The Climate Action Plan starts with a section on how mountain communities are at risk. Research shows the central mountains of Colorado already have 23 fewer days with freezing temperatures than prior to the 1980s.
“Scientists predict we’ll have 30 more days without freezing temperatures by 2060,” the report said.
That means alterations in the landscapes and ecosystems that the mountain resort economics of Eagle and Pitkin counties hinge on.
The Climate Action Plan outlines specific recommendations on action Eagle County can take in education, commercial buildings, residential building, transportation, energy supply and the landfill.

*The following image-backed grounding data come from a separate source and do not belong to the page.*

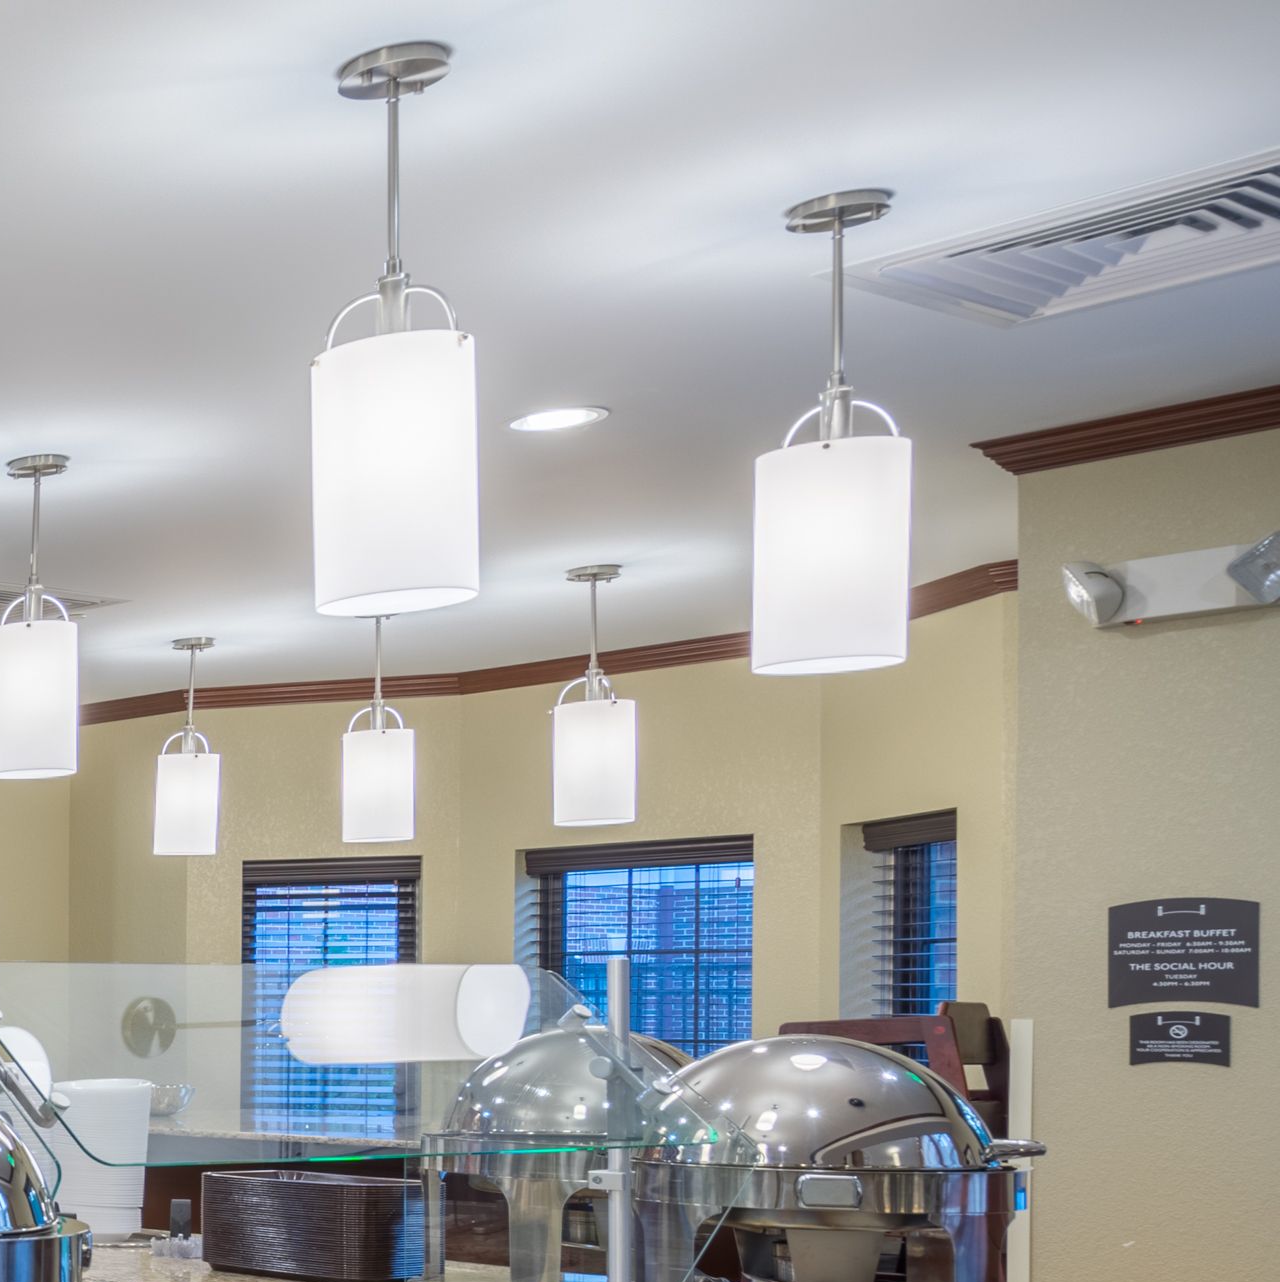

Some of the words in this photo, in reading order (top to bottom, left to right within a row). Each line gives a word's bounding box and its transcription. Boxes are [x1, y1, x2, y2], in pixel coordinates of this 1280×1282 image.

[1127, 929, 1191, 940] BREAKFAST
[1193, 928, 1237, 938] BUFFET
[1129, 962, 1152, 971] THE
[1153, 962, 1197, 971] SOCIAL
[1198, 961, 1235, 970] HOUR

The plan can be seen in its entirety at http://www.walkingmountains.org/wp- content/uploads/2016/12/Climate- Action-Plan-for-the-Eagle-County- Community_FINAL_December- V2-2016_WEB.pdf.
Chandler-Henry credited municipalities for joining the county to take the lead on local action on climate change. Each community can tailor the Eagle County Climate Action Plan to fit their specific goals and preferred actions, she noted.

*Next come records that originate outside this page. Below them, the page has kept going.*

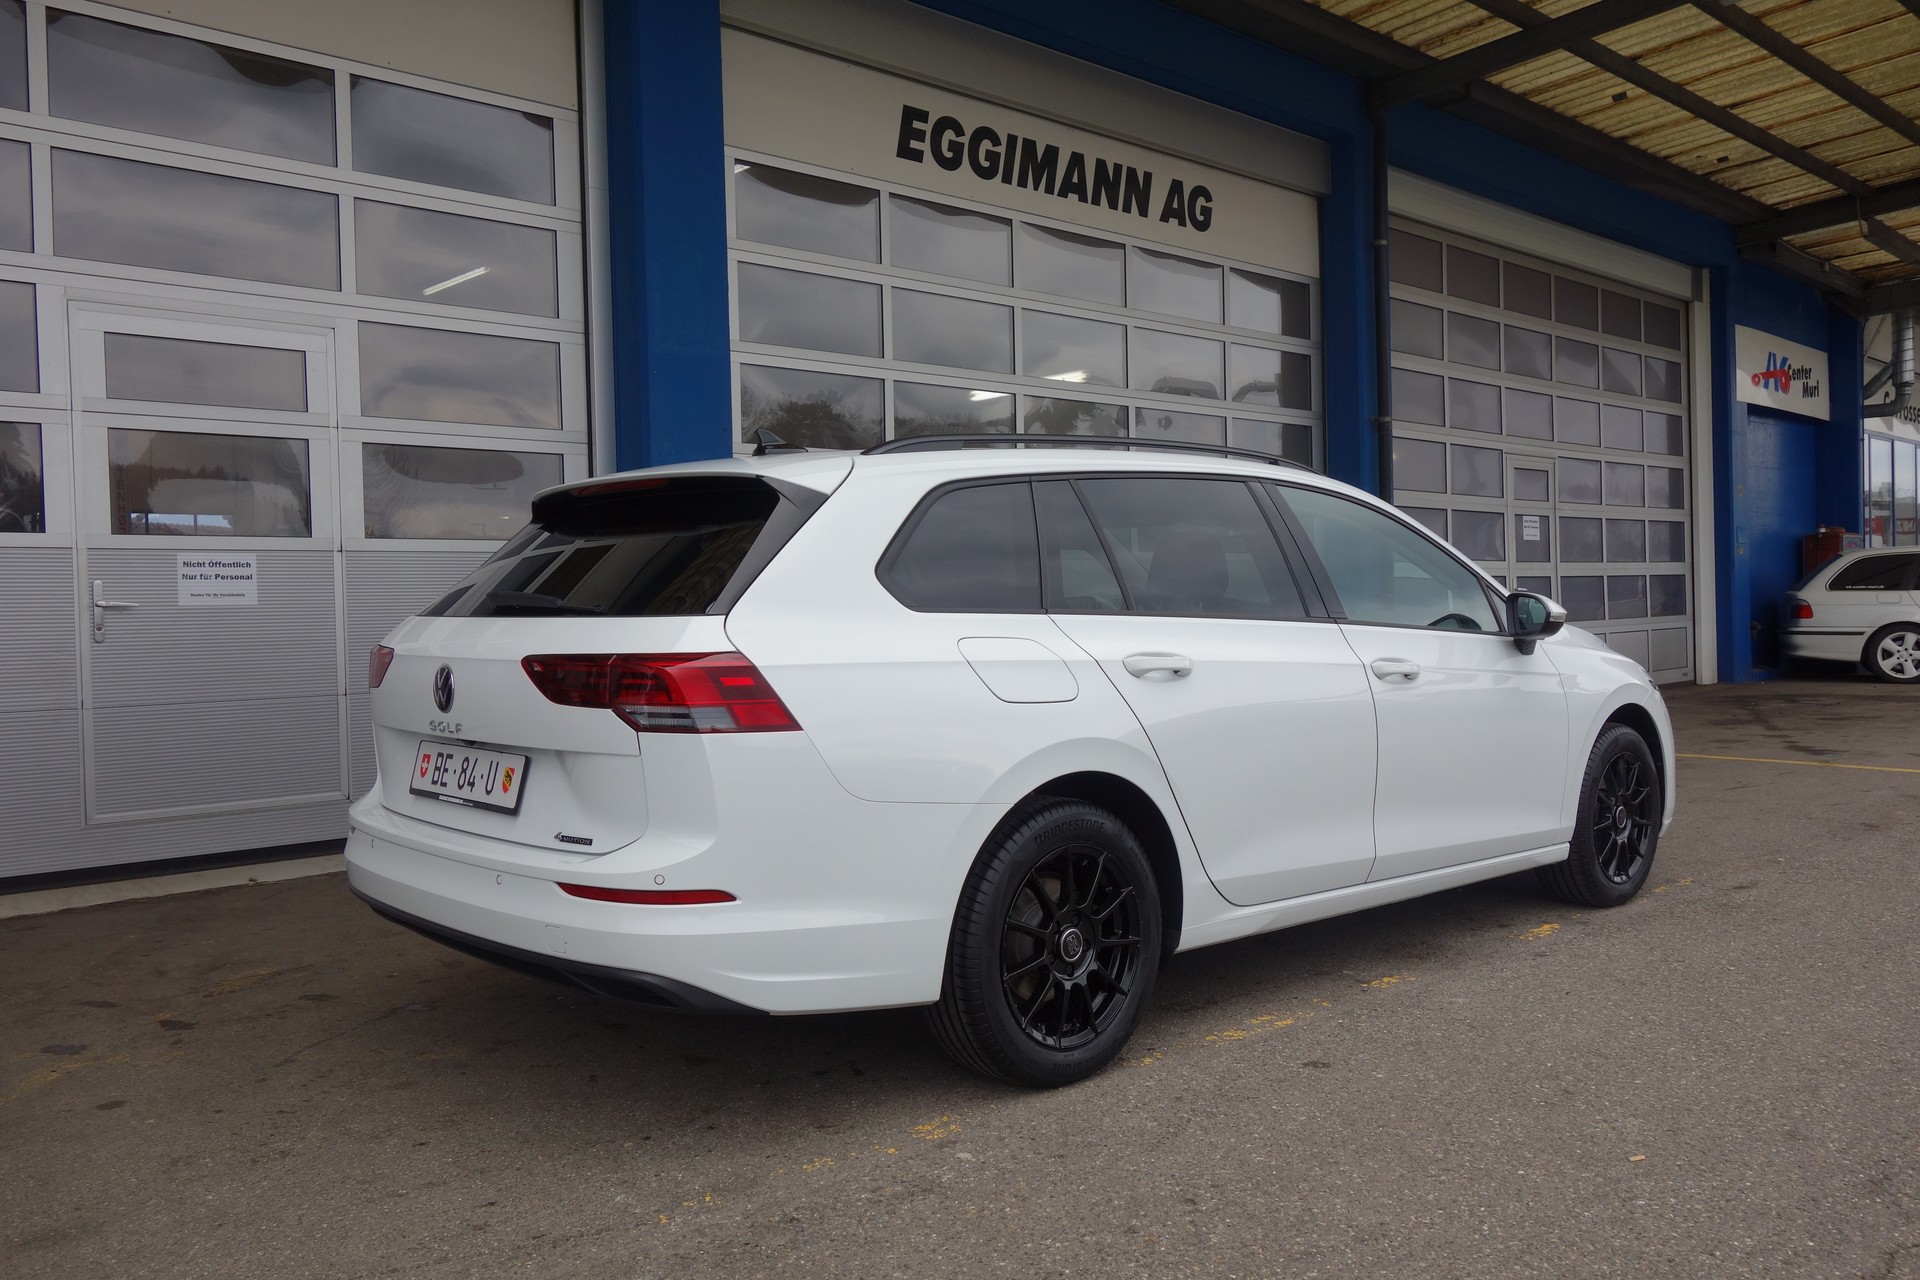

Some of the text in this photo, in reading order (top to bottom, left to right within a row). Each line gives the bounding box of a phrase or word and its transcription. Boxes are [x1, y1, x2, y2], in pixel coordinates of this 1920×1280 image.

[896, 104, 1213, 232] EGGIMANN AG
[1787, 363, 1812, 381] Center
[1802, 380, 1820, 399] Muri
[182, 559, 252, 569] Nicht Öffentlich
[181, 573, 198, 581] Nur
[214, 573, 253, 581] Personal
[429, 720, 463, 735] GOLF

That’s exactly what Basalt did. The Town Council approved the county Climate Action Plan in March. Board members said it was so well done that the town didn’t have to reinvent the wheel. It added some specific procedures to achieve greenhouse-gas emissions reduction — and it pointed out some inconvenient truths about the situation.
“Basalt signed on because there is enormous urgency to reduce greenhouse gases, but low likelihood of policy at the national level,” Basalt’s addendum to the Eagle County plan says. It later adds, “Basalt’s approach to the challenge differs from most conventional plans that are technically detailed but realistically unachievable.”

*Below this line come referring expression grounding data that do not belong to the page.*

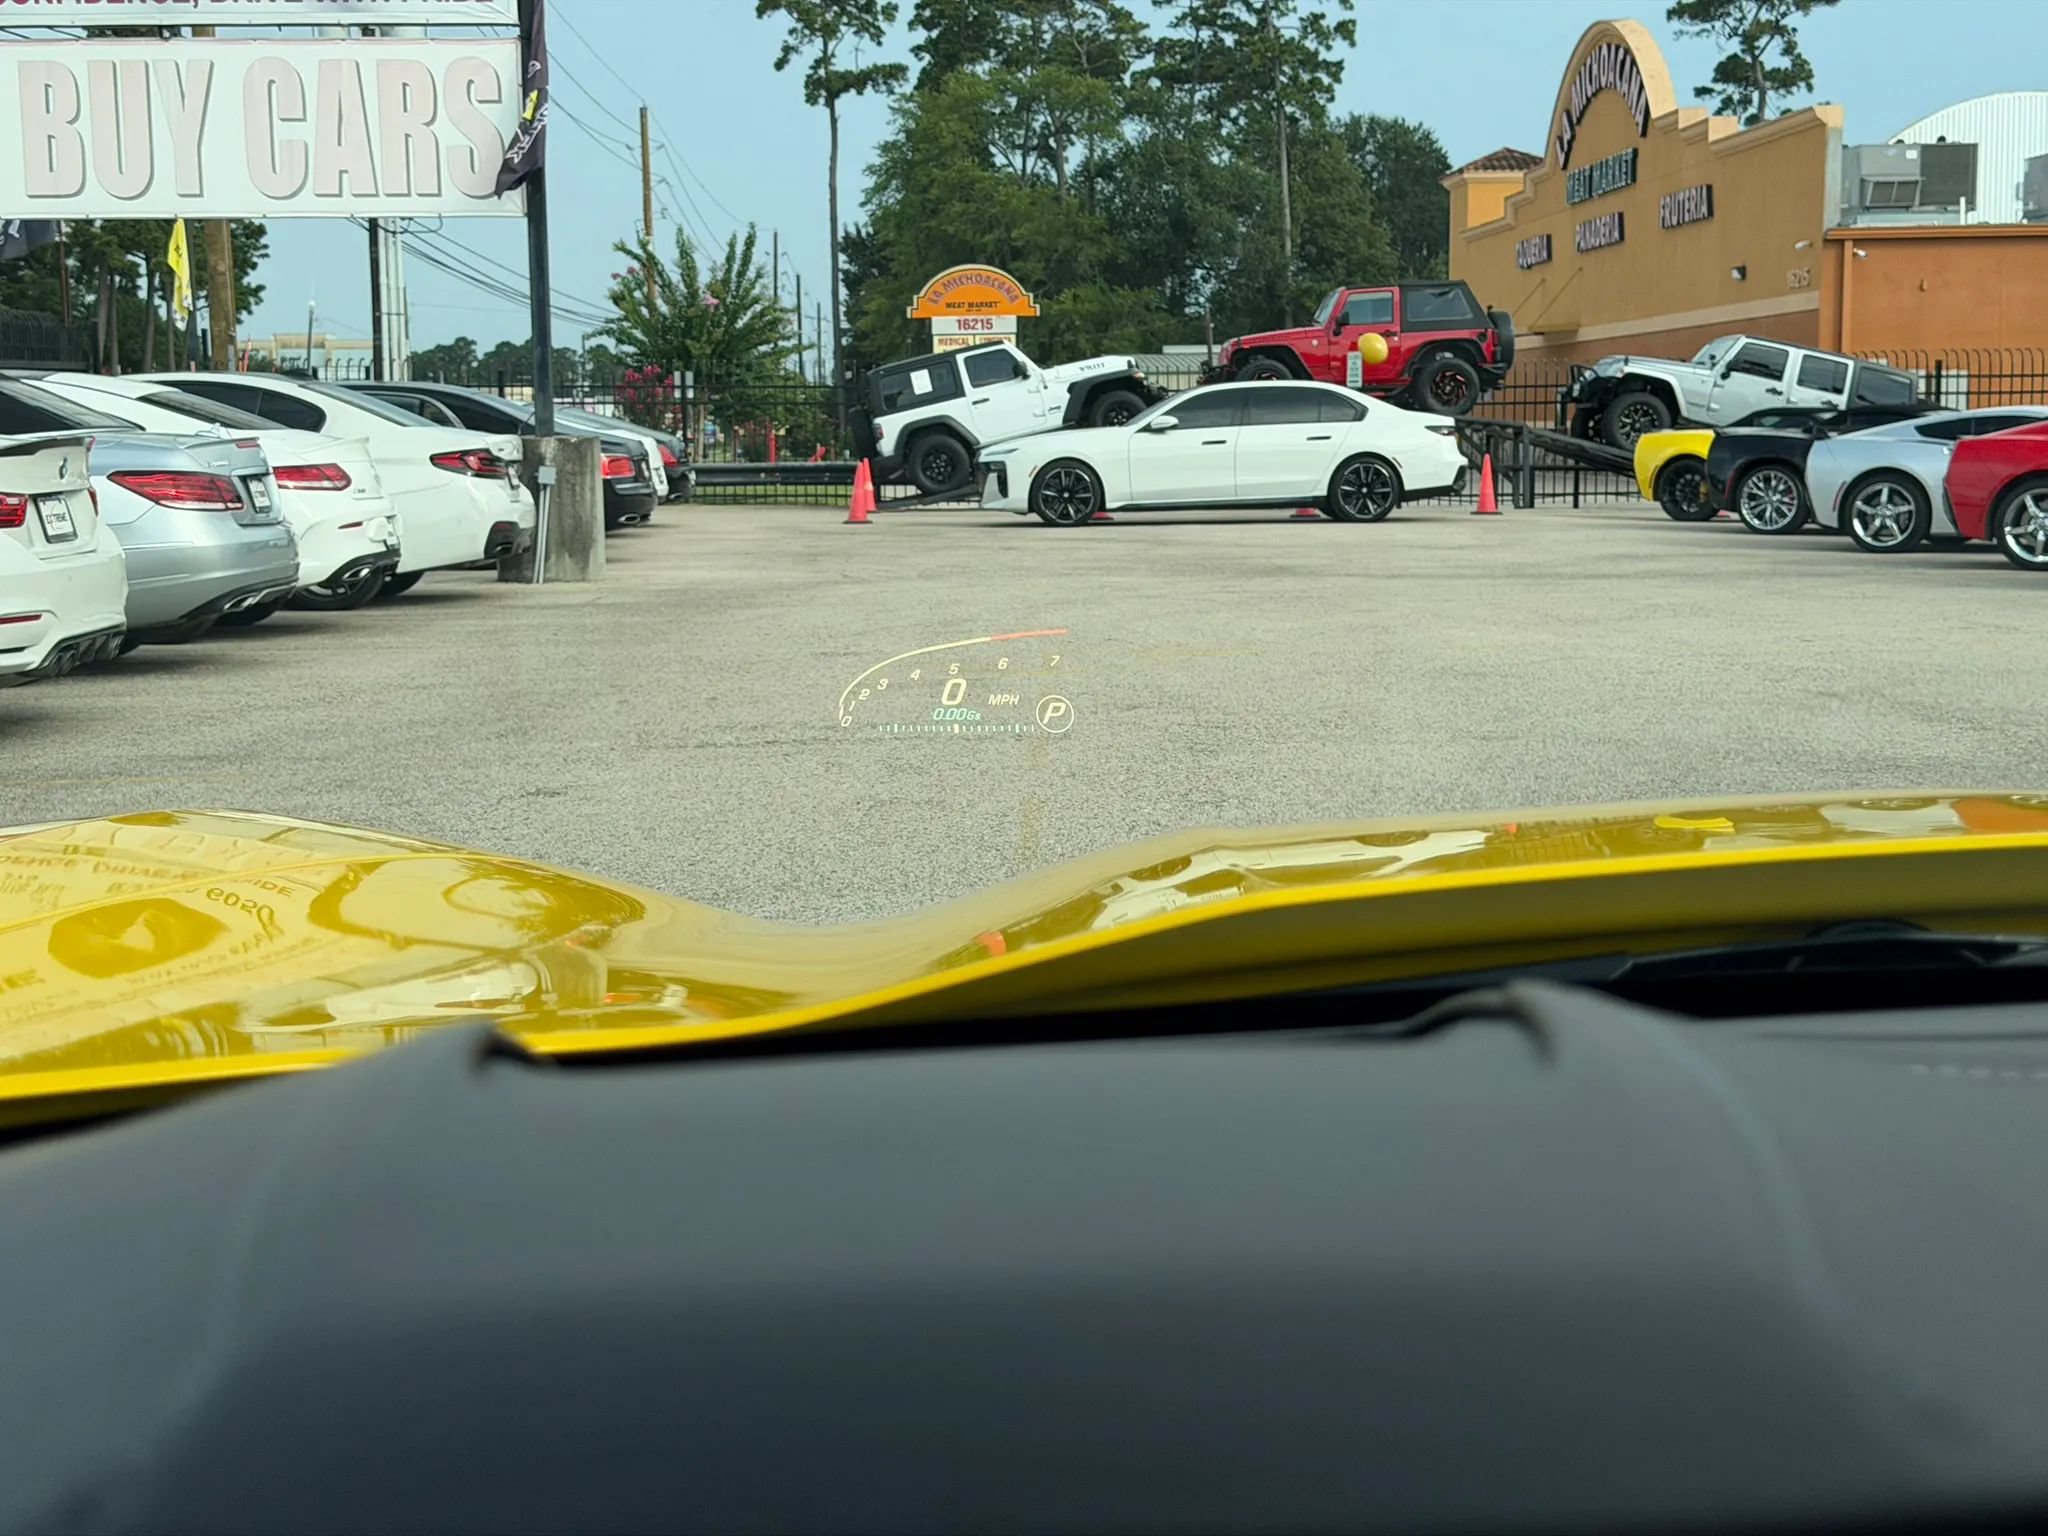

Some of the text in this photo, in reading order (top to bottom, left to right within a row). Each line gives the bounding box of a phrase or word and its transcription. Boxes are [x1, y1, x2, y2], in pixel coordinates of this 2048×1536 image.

[17, 60, 214, 200] BUY
[243, 56, 505, 199] CARS
[1556, 43, 1647, 170] LA MICHOACANA
[1566, 148, 1637, 205] MEAT MARKET
[1660, 184, 1713, 229] FRUTERIA
[1576, 212, 1624, 253] PANADERIA
[956, 318, 994, 331] 16215
[967, 301, 999, 309] MARKET
[841, 655, 1061, 727] 0 1 2 3 4 5 6 7
[941, 678, 1020, 706] 0 MPH
[1042, 702, 1067, 725] P

The keystones of Basalt’s plan are:
Advocate for 100 percent clean energy by 2030. The best way to achieve the goal is to advocate that Holy Cross Energy, the electricity provider, adopt a goal of 100 percent clean energy by 2030, the plan says.
Engage in regional, state and national advocacy. The town would reach outside its boundaries on issues such as the controversial debate over capping methane emissions from oil and gas extraction from leases on U.S. Bureau of Land Management property.
Enforcement and development of energy-related policy and code.
Boost municipal energy efficiency. The town commits to consider allocating $100,000 annually on energy efficiency audits and retrofits to town buildings, streetlights and on other energy users.
Engage the community through outreach and education.
Conduct and publicize annual progress reports.
If Basalt’s approach sounds similar to that taken by Aspen Skiing Co., it is no coincidence. Skico Vice President of Sustainability Auden Schendler also is a Basalt councilman and a member of the special committee that suggested the town’s additions to the county Climate Action Plan.
Schendler said the lighting retrofits undertaken by the town’s public works department are “now saving taxpayers money every day.”
Basalt will benefit by expanding its efficiency work because it saves money and builds credibility when the town undertakes lobbying efforts and advocacy, he said.
Like Chandler-Henry, he said the Climate Action Plan isn’t a “feel good” move. It’s critical to Basalt’s future.
“It’s a worthy endeavor because climate is now a clear and present danger to all things Basalt,” he said. “We are threatened by warmer temps, already occurring, that damage fisheries, harm agriculture, destroy forests, create risk of fires and cause water shortages. This is our economy.
“In the absence of federal leadership, communities need to step up first and foremost with public statements about the need for action, and secondarily, through their own actions,” Schendler said.